§ How to complete this task:
Omit all pictures, then print the entries exactly.

§ Records provided:
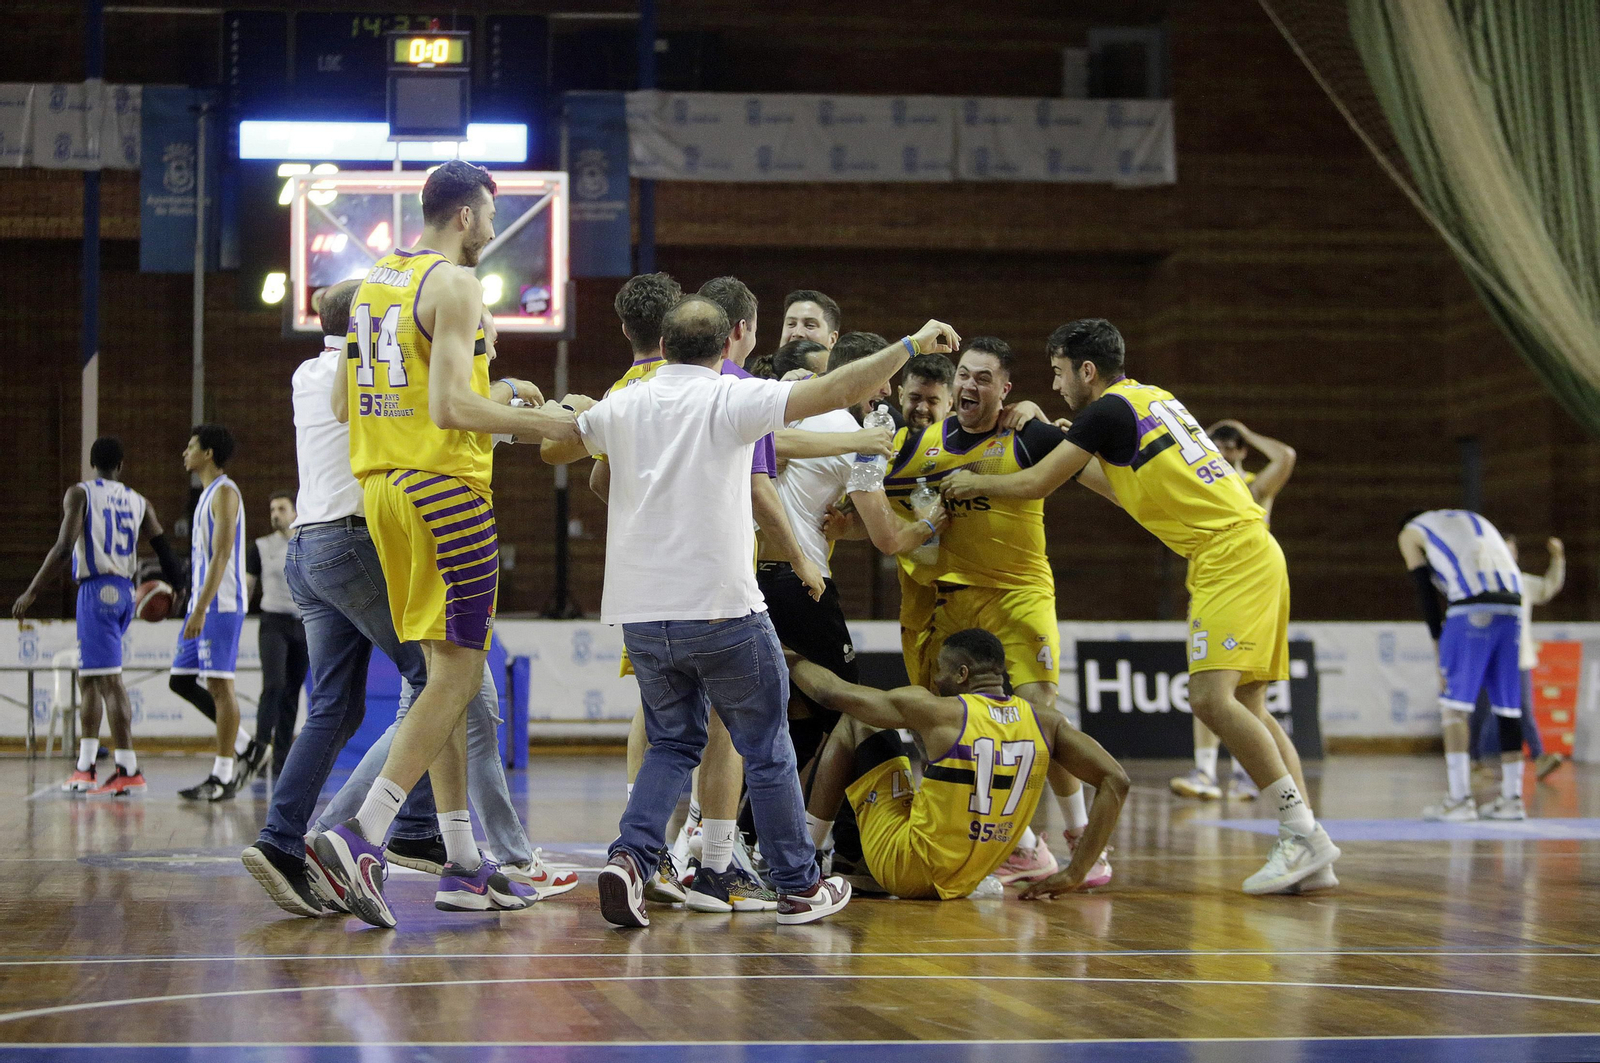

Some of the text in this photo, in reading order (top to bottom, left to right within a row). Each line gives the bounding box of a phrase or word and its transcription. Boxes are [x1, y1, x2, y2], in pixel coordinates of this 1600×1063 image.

[354, 303, 408, 388] 14
[359, 393, 400, 417] 95 ANYS
[383, 408, 414, 418] BASQUET
[384, 402, 399, 410] FENT
[1196, 460, 1225, 484] 95
[102, 508, 135, 557] 15
[1037, 645, 1054, 670] 4
[1189, 630, 1209, 663] 5
[1084, 659, 1291, 714] Huea
[967, 736, 1036, 816] 17
[968, 820, 996, 842] 95

§ Your solution:
Some of the text in this photo, in reading order (top to bottom, left to right within a row). Each line gives the bounding box of a phrase or word and its transcription. Boxes are [x1, y1, x2, y2], in pixel coordinates of this 1600×1063 image.

[354, 303, 408, 388] 14
[359, 393, 400, 417] 95 ANYS
[383, 408, 414, 418] BASQUET
[384, 402, 399, 410] FENT
[1196, 460, 1225, 484] 95
[102, 508, 135, 557] 15
[1037, 645, 1054, 670] 4
[1189, 630, 1209, 663] 5
[1084, 659, 1291, 714] Huea
[967, 736, 1036, 816] 17
[968, 820, 996, 842] 95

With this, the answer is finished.